The Israeli Ministry of Education has struck a book from students’ reading lists.
Big deal. Happens every day in Russia, China and Iran.
But this was not a revolutionary work by a fire-eating rebel. It is a gentle novel by an appreciated female author, Dorit Rabinyan.
Her cardinal sin was the plot: a love story between a Jewish girl and an Arab boy. They meet on American soil.
The Ministry shuddered. What? A kosher daughter of Israel with an Arab Goy? Unthinkable. Like a love story between a white woman and a black man in the Atlanta of Gone with the Wind. Or between a Jewess and a pure Aryan in Hitler’s Germany.
Shocking. Good that the wise men of the ministry stopped it in the nick of time.
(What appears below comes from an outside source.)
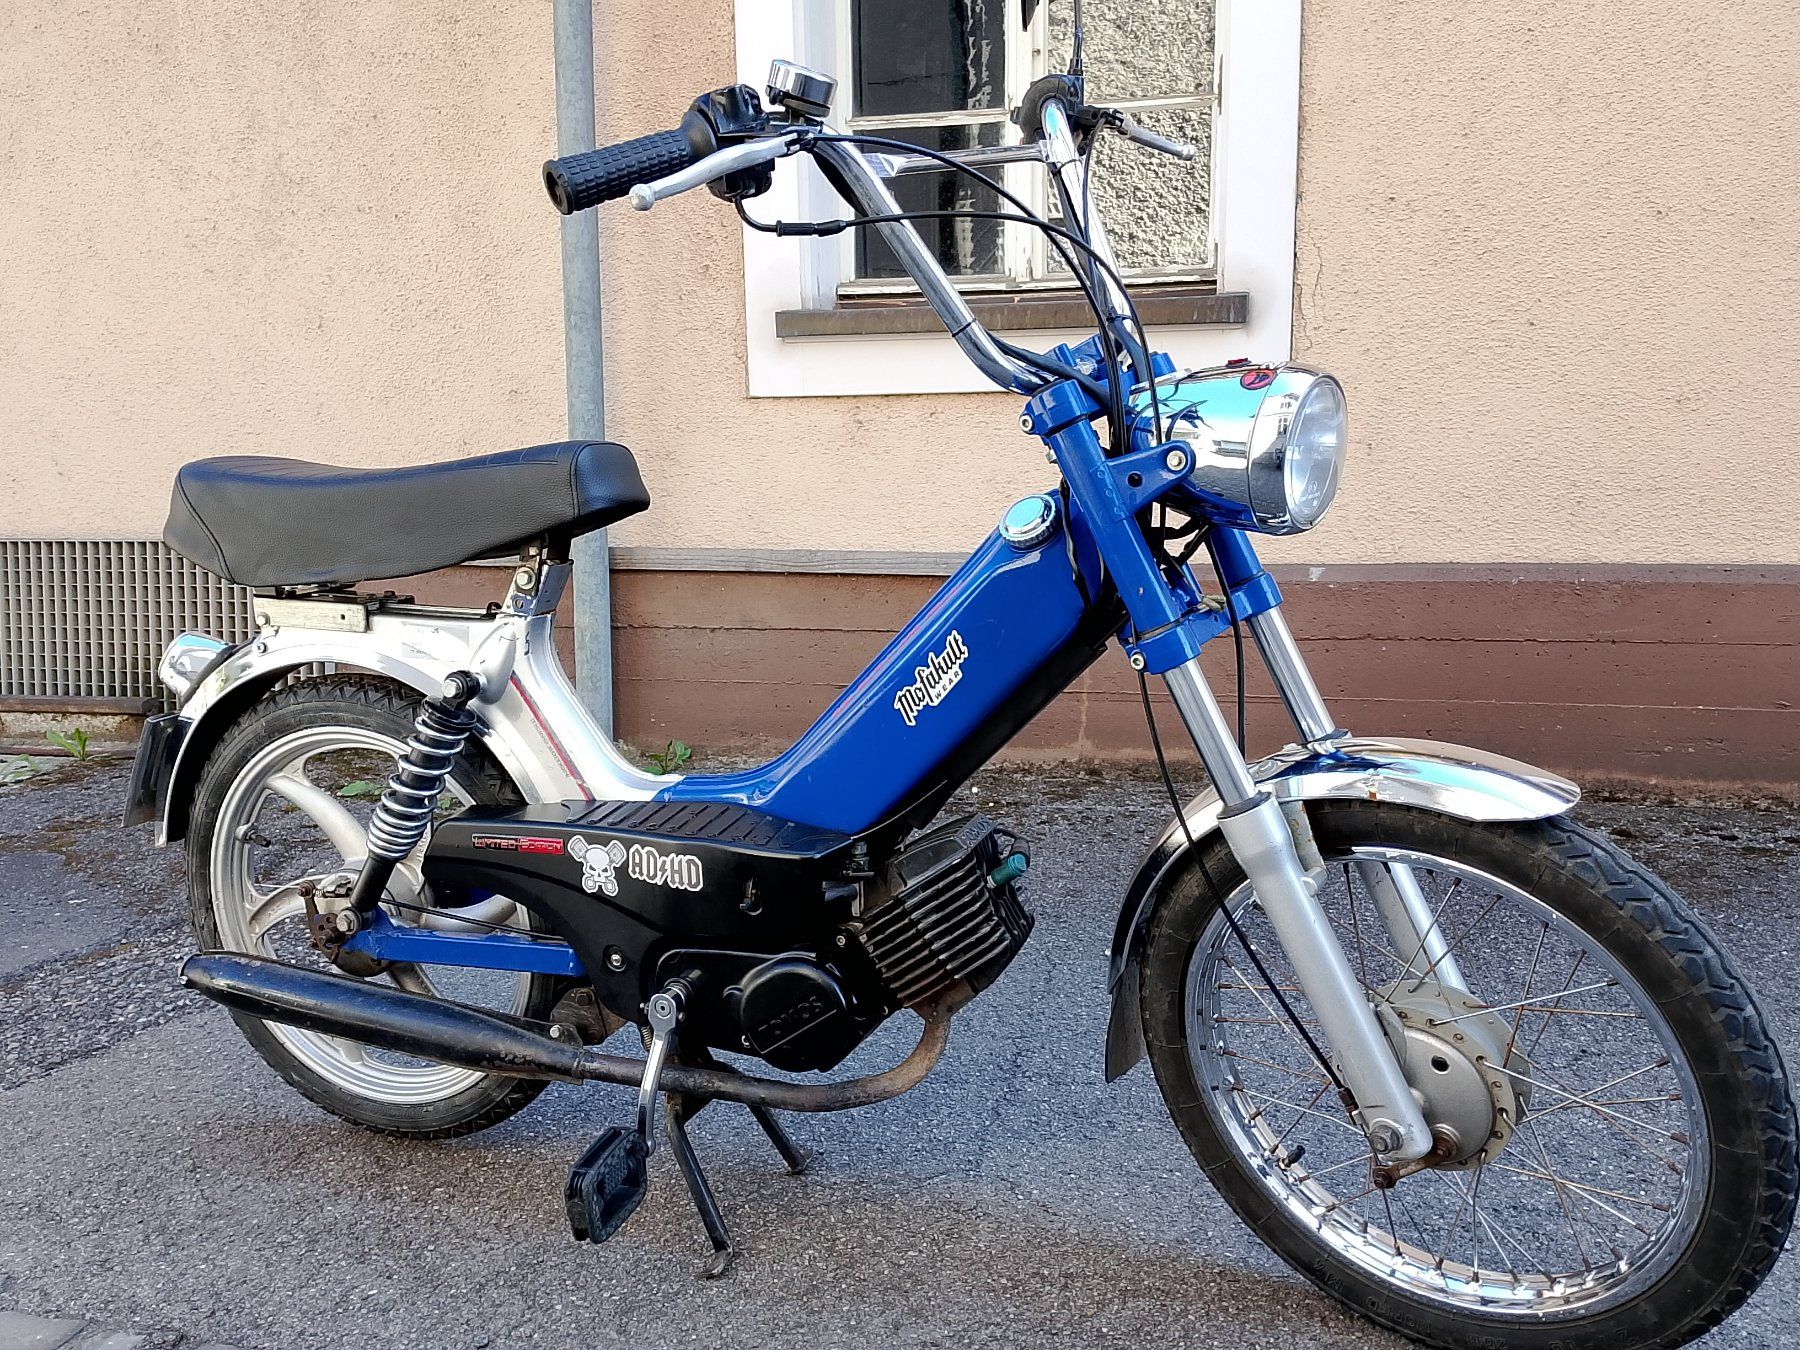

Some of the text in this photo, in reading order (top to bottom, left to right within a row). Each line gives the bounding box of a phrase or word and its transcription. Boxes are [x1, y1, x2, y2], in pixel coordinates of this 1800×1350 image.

[934, 670, 960, 700] WEAR
[475, 837, 562, 850] LIMITED EDITION
The decision caused an uproar. Liberal teachers and commentators had a field day. Especially those who have a sense of humor. (Yes, there are some of these even in Israel.)
Several of them demanded a ban on the Bible, since it is full of kings and heroes who married foreign women. Abraham took a foreign woman, Hagar, had a boy with her and sent both to die in the desert, because Sarah, the mother of the Jewish people, was jealous. The Bible depicts our foremother as a rather obnoxious shrew.
Moses had a Midianite wife. King David married the woman he lusted for, after sending her Hittite husband to die in battle. His son, Solomon, had a lot of wives, most of them foreigners. The hero Samson was betrayed by his Philistine wife. King Ahab, who bled to death because he refused to receive medical treatment during battle, had a wife from Sidon. And so on. A very long list. Some educators gleefully demanded the removal of the Bible from the ministry’s list.
Almost as bad, some of the masterpieces of modern Hebrew literature figure love stories between Jewish men and Shikses (a derogatory Yiddish term for non-Jewish women, originating from the Hebrew word for “abomination”). Out with them!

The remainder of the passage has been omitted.